Was waren Ihre beruflichen bzw. persönlichen Highlights im Jahr 2020?
Ich bin 2019 mit gut 50 Jahren als CEO in dieses Unternehmen gekommen, dessen Altersdurchschnitt der Mitarbeiter bei Anfang 30 liegt. Gerade in der jetzigen Pandemie konnte ich meine Erfahrung und mein Knowhow gut einbringen und uns einigermaßen sicher durch die Krise führen. Besonders stolz bin ich persönlich auf die Bestätigung, dass unsere Strategie einer managed hybrid Cloud so gut zu den aktuellen Anforderungen am Markt passt. Also zusammengefasst: Die Richtung und die Stimmung stimmen – was will man als Chef mehr.
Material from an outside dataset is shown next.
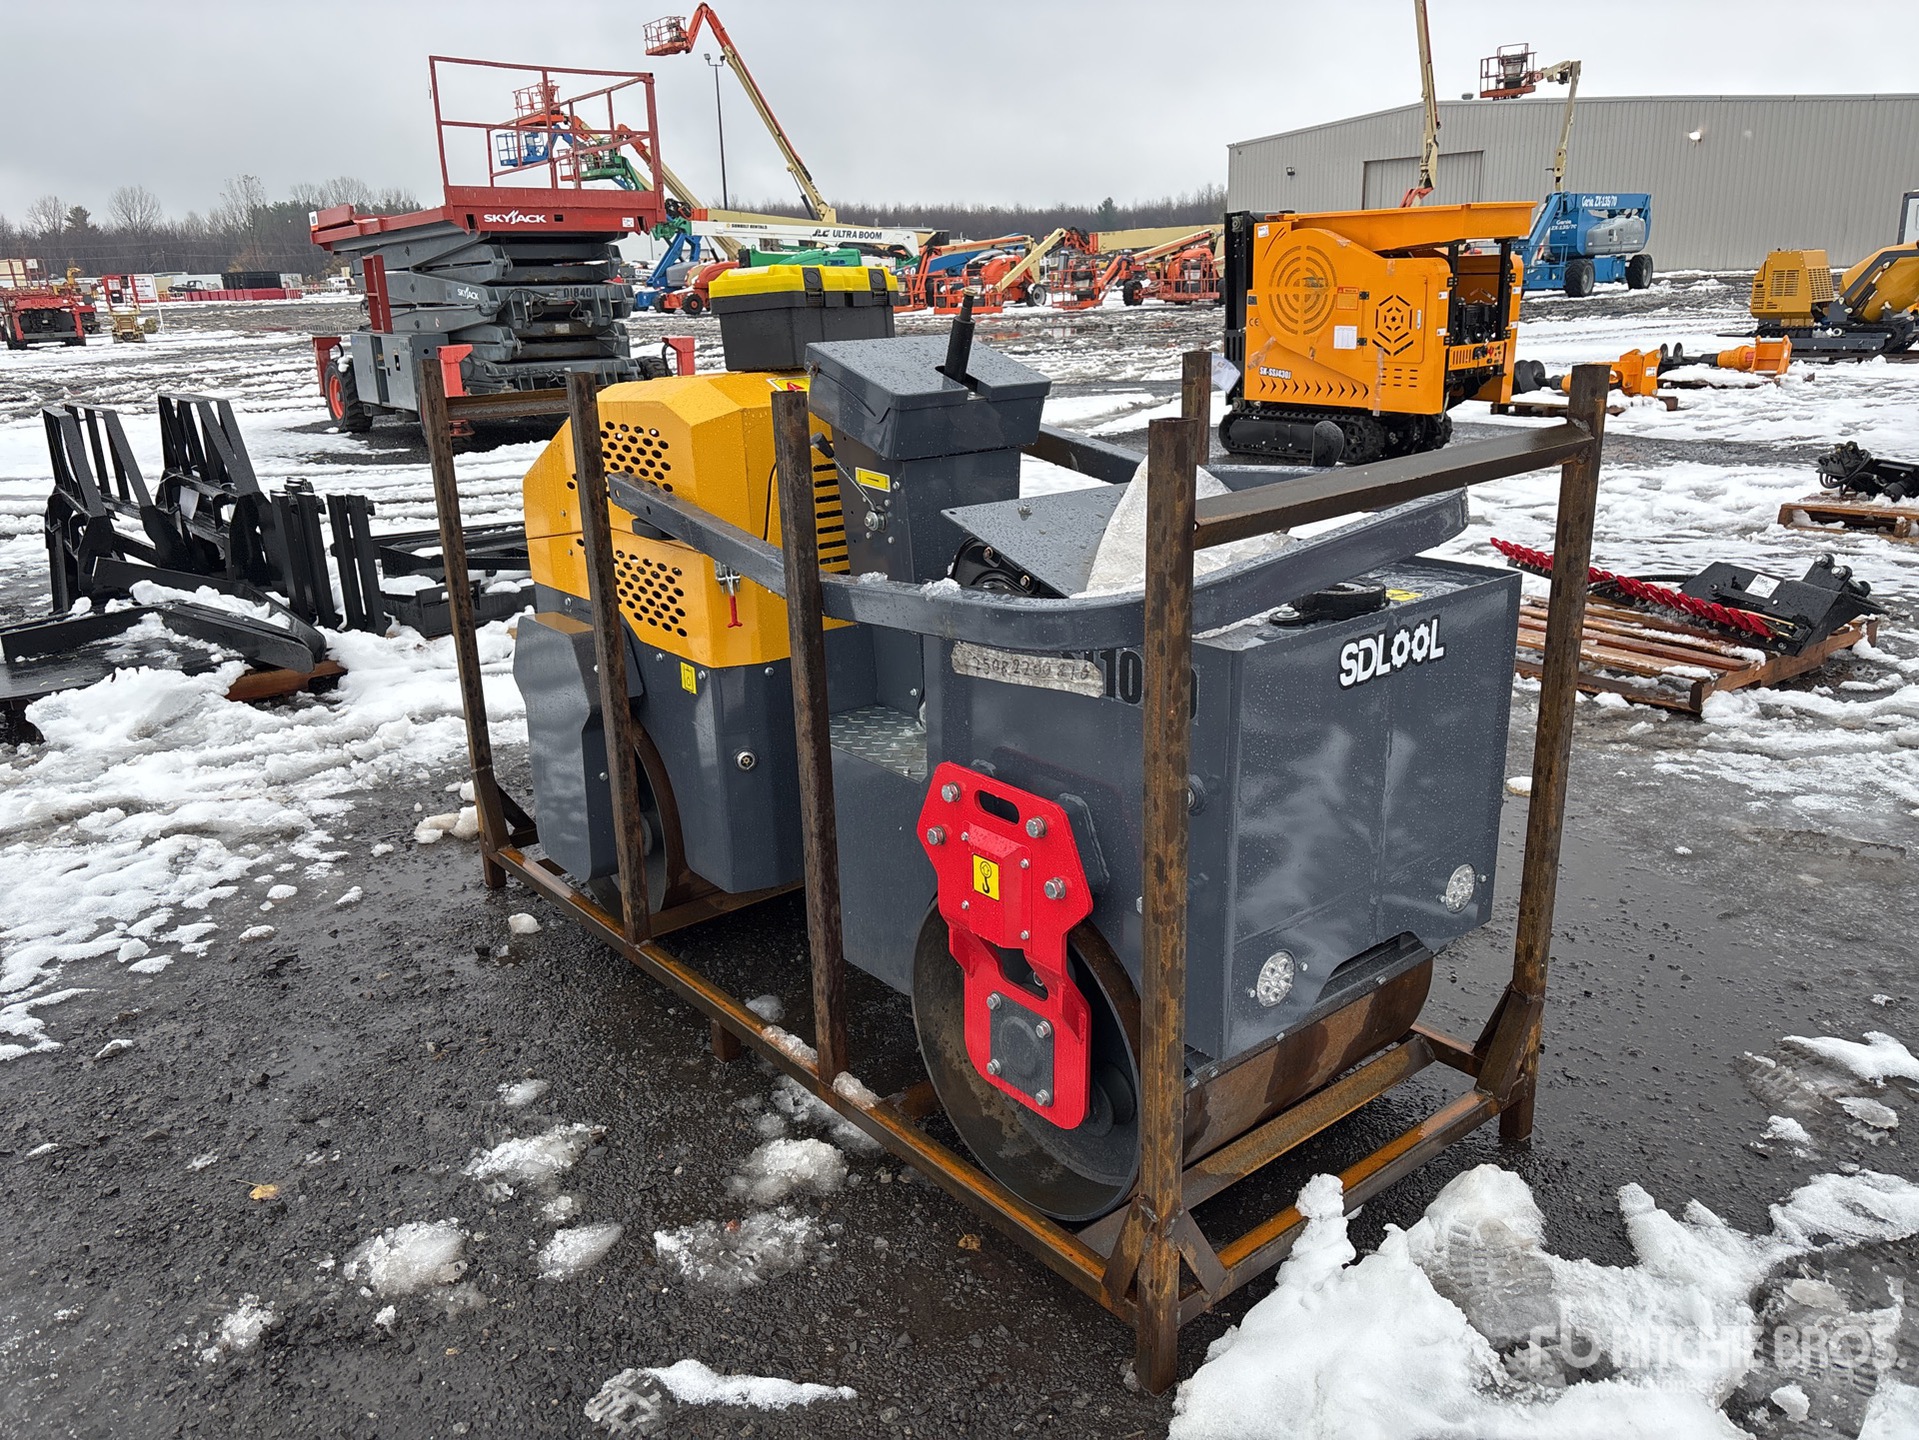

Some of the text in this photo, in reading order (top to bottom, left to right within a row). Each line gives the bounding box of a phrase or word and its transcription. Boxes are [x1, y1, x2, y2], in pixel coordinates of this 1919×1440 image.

[483, 209, 547, 225] SKYJACK
[832, 230, 857, 239] ULTRA
[858, 231, 883, 240] BOOM
[1340, 618, 1444, 687] SDLOOL
Dass meine Arbeit dann noch mit einer kleinen Auszeichnung belohnt wurde, freut mich natürlich auch. Anfang Oktober wurde ich vom European CEO Magazin als bester CEO des Jahres in der Kategorie IT Solution Provider ausgezeichnet.
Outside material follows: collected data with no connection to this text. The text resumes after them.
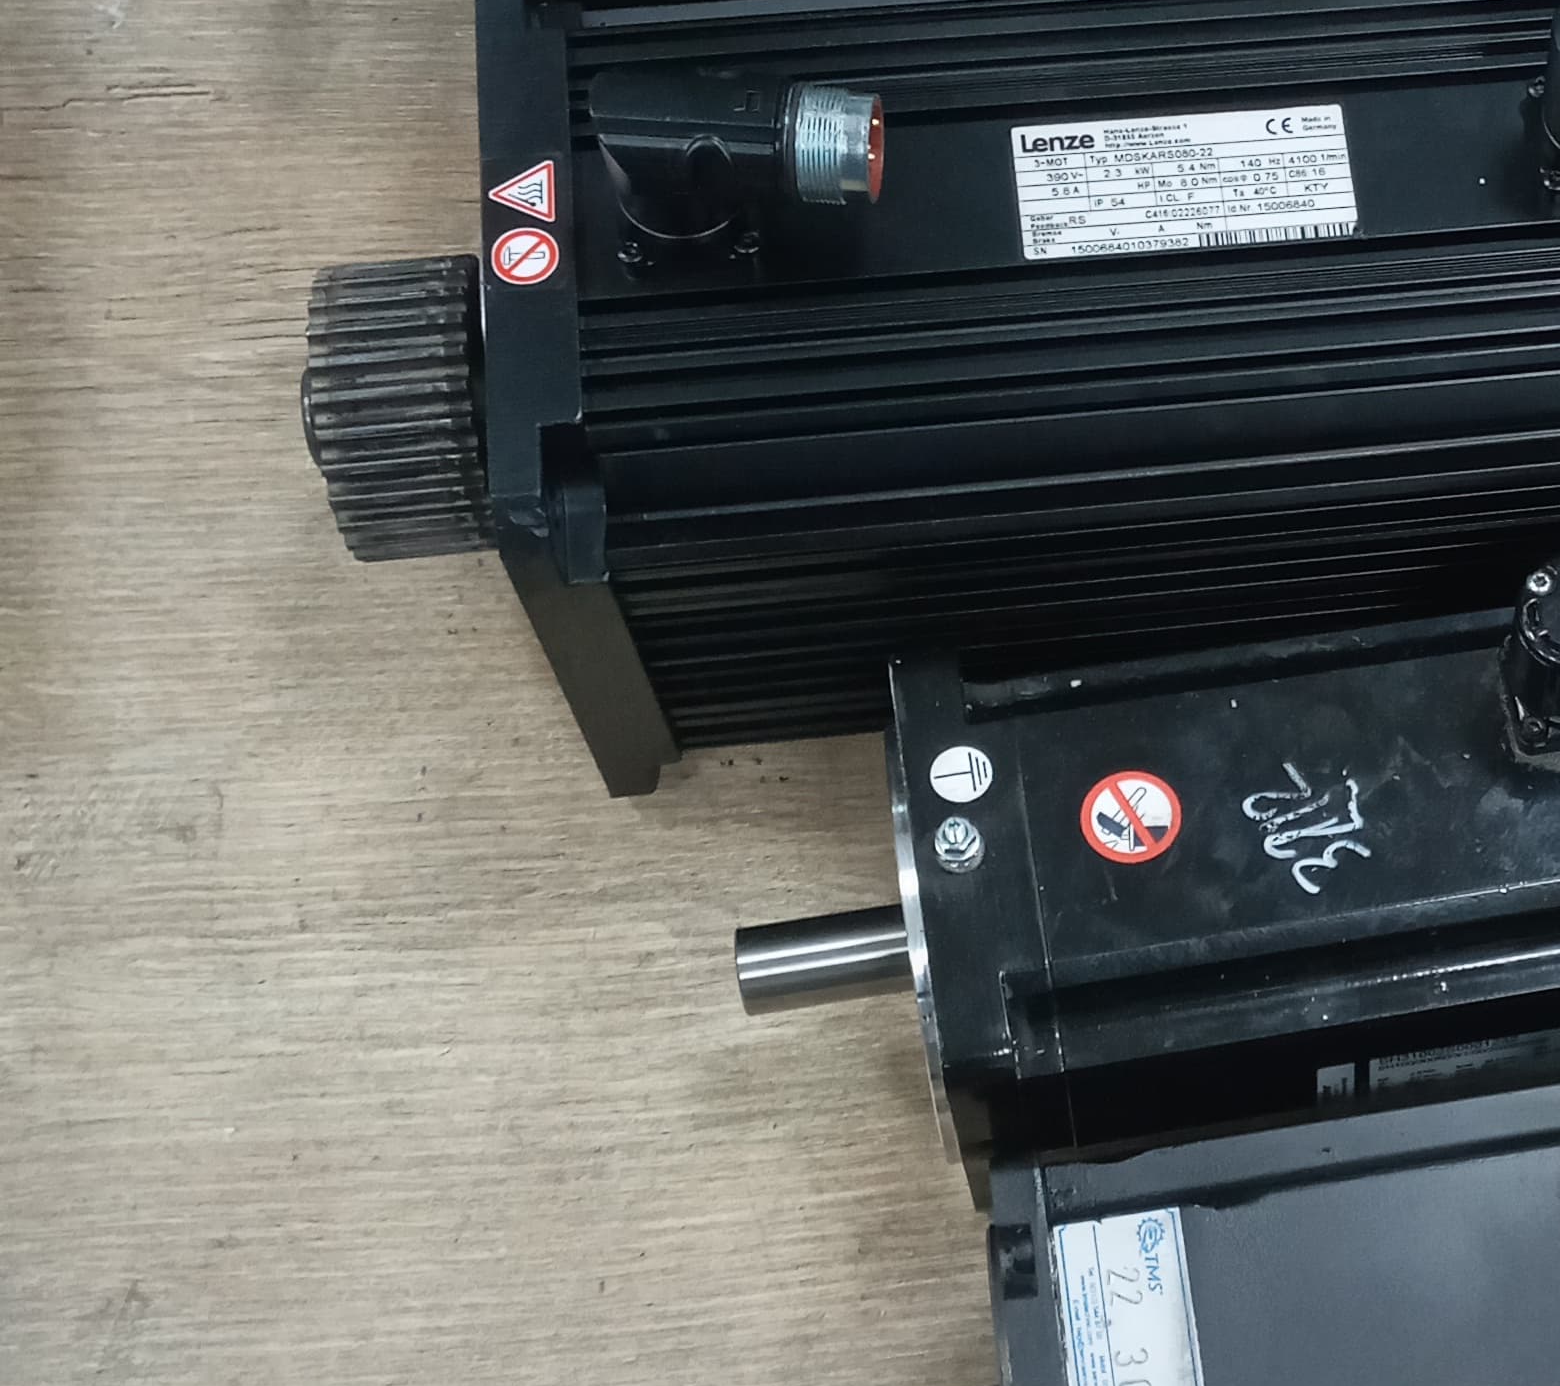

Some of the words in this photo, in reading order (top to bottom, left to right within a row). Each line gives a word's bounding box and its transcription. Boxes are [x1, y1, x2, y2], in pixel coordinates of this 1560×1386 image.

[1302, 123, 1336, 131] Germany
[1020, 133, 1095, 153] Lenze
[1034, 157, 1068, 168] 3-MOT
[1090, 155, 1108, 166] Typ
[1114, 147, 1213, 163] MDSKARS080-22
[1046, 172, 1069, 182] 390
[1135, 167, 1150, 175] kW
[1200, 162, 1216, 171] Nm
[1240, 158, 1262, 168] 140
[1268, 157, 1280, 165] Hz
[1288, 154, 1317, 165] 4100
[1321, 152, 1346, 161] 1/min
[1072, 186, 1080, 195] A
[1137, 181, 1150, 190] HP
[1201, 176, 1218, 185] Nm
[1312, 167, 1326, 177] 16
[1110, 197, 1125, 207] 54
[1187, 192, 1195, 201] F
[1253, 186, 1277, 196] 40°C
[1304, 182, 1328, 192] KTY
[1068, 215, 1086, 225] RS
[1258, 199, 1315, 212] 15006840
[1158, 224, 1165, 233] A
[1196, 222, 1212, 230] Nm
[1034, 247, 1047, 255] SN
[1144, 1253, 1163, 1293] TMS
Welche Themen sollten Ihrer Meinung nach im kommenden Jahr auf der Agenda von IT-Managern ganz oben stehen und warum bzw. welche IT-Themen werden 2021 eine besonders wichtige Rolle spielen?
Bei einigen unserer Kunden sehen wir, dass die Aufteilung auf Cloud-Ressourcen und eigene Infrastruktur nicht sauber gelöst ist. Da geht vielen Unternehmen aktuell Geld verloren. Eine Strategie für diese Ausrichtung sollte unbedingt auf die Agenda fürs nächste Jahr. Die Folge daraus ist, dass man sich viel intensiver mit der Bewirtschaftung der hybriden Infrastrukturen beschäftigen muss. Die Implementierung eines Infrastruktur-Ressourcen-Managers macht hier durchaus Sinn. Dieser gibt auf der Kundenseite vor, nach welchen Gesichtspunkten die Ressourcen optimiert werden sollen. Entweder kann er dann diese über eine einfache Oberfläche selber tun oder aber – was häufiger sein wird – er beauftragt seinen Infrastruktur Dienstleister dies um zu setzen. Hier ergeben sich also neue Formen von Partnerschaften, in denen der Dienstleister als Sparringpartner für die laufende Optimierung der Ressourcen agiert.
Daneben wird auch dem Thema Kosteneinsparungen in den von der Pandemie besonders betroffenen Branchen eine große Bedeutung bekommen. Die Gewinner der Krise werden aber bald wieder mit ihren Innovations- und Digitalisierungsinitiativen fortsetzen. Hier sehen wir viele spannende Projekte rund um Big Data und künstliche Intelligenz. Die Möglichkeiten, die sich hier bieten sind ja nahezu grenzenlos. Die Fähigkeit riesige Datenmengen über IoT-Sensoren zu generieren, in Big Data zu verarbeiten und mittels KI dann Entscheidungen in nahezu Echtzeit abzuleiten, wird meines Erachtens die Welt nachhaltig verändern. Also es bleibt aufregend und ich denke diese permanente Weiterentwicklung ist ja auch das, was uns alle in der Branche jedes Jahr aufs Neue motiviert.
Dieser Artikel ist Teil einer Interviewserie, für den die COMPUTERWELT rund 50 Top-Manager aus der IT-Branche befragt hat.